But it seems to me that the people in the world around us are really no less imaginary, ephemeral, and unreal. Look at the recently replaced Presidentumb of the Disunited States. He is an evil cartoon James Bond villain if there ever was one.
Animated cast of OUR CARTOON PRESIDENT. Photo: Courtesy of SHOWTIME
People in the real world create an imaginary person in their own stupid little heads, and pretend real hard that that imaginary person is really them in real life. And of course, nobody sees anybody else in the same way that they see themselves. Everybody thinks they are a somebody who is different from anybody else who thinks they are a somebody too, and really they are telling themselves, and each other, lies about who somebody really is, and it is all very confusing, and if you can follow this sentence, you must be a far better reader than I am a writer, because none of it really makes sense to me. I think everybody is imaginary in some sense of the word.

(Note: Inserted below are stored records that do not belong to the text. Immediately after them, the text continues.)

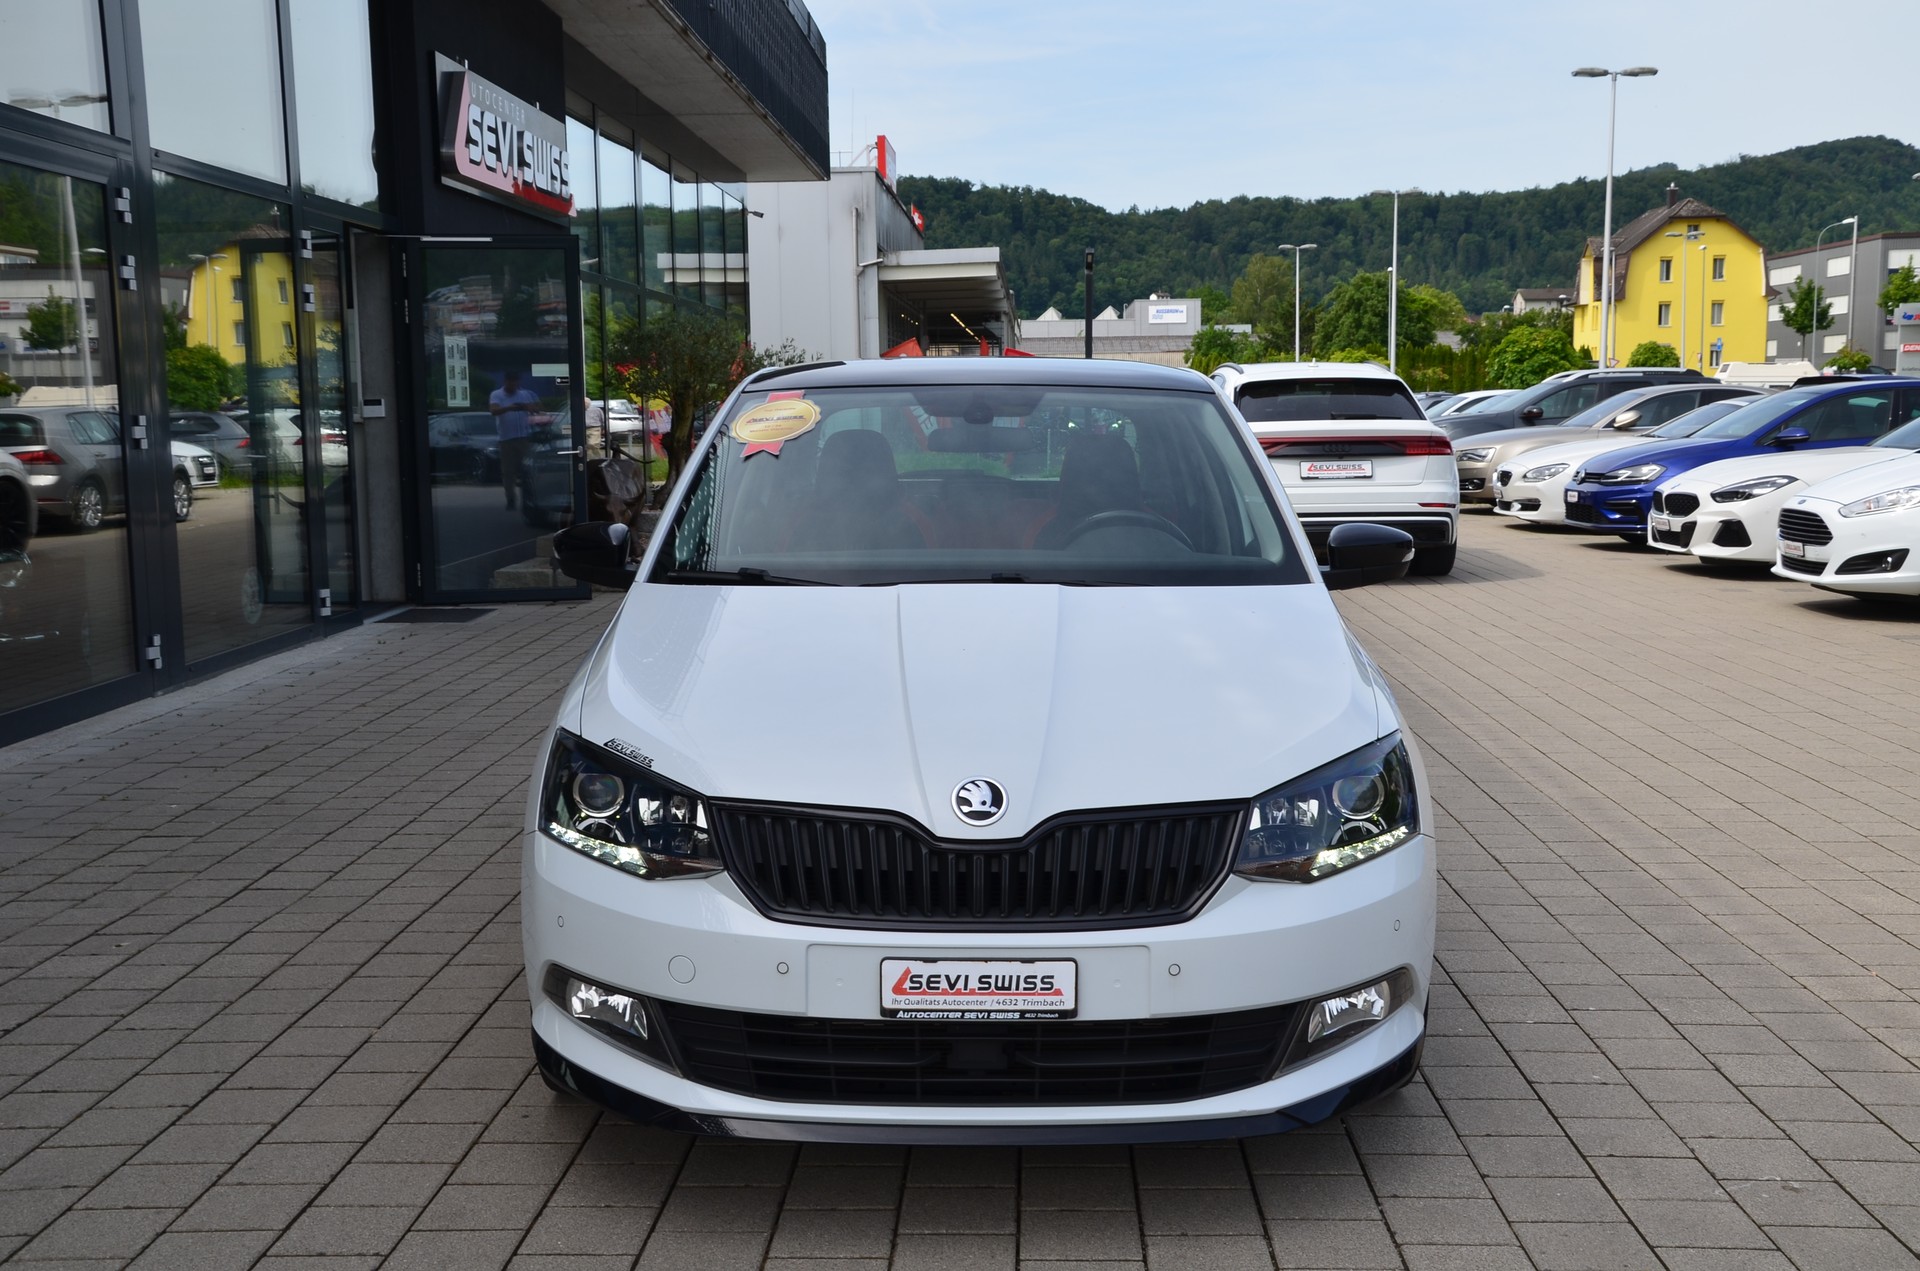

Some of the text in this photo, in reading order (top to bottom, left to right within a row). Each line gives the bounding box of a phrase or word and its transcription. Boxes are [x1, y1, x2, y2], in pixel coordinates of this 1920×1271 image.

[522, 130, 571, 199] SWISS
[628, 749, 655, 766] SWISS
[908, 974, 1055, 991] SEVI SWISS
[891, 998, 903, 1006] Ihr
[942, 998, 987, 1006] Autocenter
[996, 998, 1019, 1006] 4632
[1021, 998, 1065, 1007] Trimbach
[963, 1011, 987, 1019] SEVI
[989, 1011, 1020, 1019] SWISS

So, if you happen to see me talking to a big white rabbit-man who used to be a pet white rabbit, but got changed into a rabbit-man through futuristic genetic science and metal carrots, don’t panic and call the police. I am just talking to another fictional character from a book I finished writing. And why are you looking inside my head, anyway? There’s an awful lot of personal stuff going on in there. Of course, you only see that because I wrote about it in this essay. So it is not an invasion of privacy. It is just me writing down stuff I probably should keep in my own stupid little head. My bad.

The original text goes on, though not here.